WORK TO BE COMPLETED:
Beginning with the line that contains "this 1280×1280 image.", output each line below exactly through the last one, both included, and nothing else.

DATA FOR THIS TASK:
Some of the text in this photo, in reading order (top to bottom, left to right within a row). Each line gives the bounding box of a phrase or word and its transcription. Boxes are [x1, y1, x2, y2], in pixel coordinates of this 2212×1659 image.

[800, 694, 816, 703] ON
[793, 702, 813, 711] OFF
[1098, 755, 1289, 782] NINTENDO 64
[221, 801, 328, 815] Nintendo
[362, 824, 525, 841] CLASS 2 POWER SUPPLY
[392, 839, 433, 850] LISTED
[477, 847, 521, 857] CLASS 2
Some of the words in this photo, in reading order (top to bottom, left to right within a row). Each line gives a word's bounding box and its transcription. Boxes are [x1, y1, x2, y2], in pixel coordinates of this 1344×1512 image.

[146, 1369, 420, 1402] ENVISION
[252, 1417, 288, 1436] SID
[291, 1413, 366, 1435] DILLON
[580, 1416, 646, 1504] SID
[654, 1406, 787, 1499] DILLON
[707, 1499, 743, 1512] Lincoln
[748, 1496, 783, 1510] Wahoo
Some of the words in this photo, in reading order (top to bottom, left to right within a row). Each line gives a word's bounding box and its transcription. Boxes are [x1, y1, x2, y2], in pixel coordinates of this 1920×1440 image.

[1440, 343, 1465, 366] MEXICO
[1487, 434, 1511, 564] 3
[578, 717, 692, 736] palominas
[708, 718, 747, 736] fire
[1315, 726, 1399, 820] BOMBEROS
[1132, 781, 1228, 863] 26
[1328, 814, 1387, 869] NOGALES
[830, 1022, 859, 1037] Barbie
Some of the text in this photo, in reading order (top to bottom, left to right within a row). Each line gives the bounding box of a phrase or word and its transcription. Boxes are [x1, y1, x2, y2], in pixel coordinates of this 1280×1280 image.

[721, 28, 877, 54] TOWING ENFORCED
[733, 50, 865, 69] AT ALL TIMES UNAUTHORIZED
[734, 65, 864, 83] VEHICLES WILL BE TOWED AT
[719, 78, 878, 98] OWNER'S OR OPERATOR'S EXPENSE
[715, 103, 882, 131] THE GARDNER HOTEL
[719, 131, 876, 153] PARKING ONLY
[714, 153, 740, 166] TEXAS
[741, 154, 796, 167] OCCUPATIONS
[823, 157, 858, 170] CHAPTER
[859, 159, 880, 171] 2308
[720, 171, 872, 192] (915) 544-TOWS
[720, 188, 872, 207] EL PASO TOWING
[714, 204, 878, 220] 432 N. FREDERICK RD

EXERCISE RESPONSE:
Some of the text in this photo, in reading order (top to bottom, left to right within a row). Each line gives the bounding box of a phrase or word and its transcription. Boxes are [x1, y1, x2, y2], in pixel coordinates of this 1280×1280 image.

[721, 28, 877, 54] TOWING ENFORCED
[733, 50, 865, 69] AT ALL TIMES UNAUTHORIZED
[734, 65, 864, 83] VEHICLES WILL BE TOWED AT
[719, 78, 878, 98] OWNER'S OR OPERATOR'S EXPENSE
[715, 103, 882, 131] THE GARDNER HOTEL
[719, 131, 876, 153] PARKING ONLY
[714, 153, 740, 166] TEXAS
[741, 154, 796, 167] OCCUPATIONS
[823, 157, 858, 170] CHAPTER
[859, 159, 880, 171] 2308
[720, 171, 872, 192] (915) 544-TOWS
[720, 188, 872, 207] EL PASO TOWING
[714, 204, 878, 220] 432 N. FREDERICK RD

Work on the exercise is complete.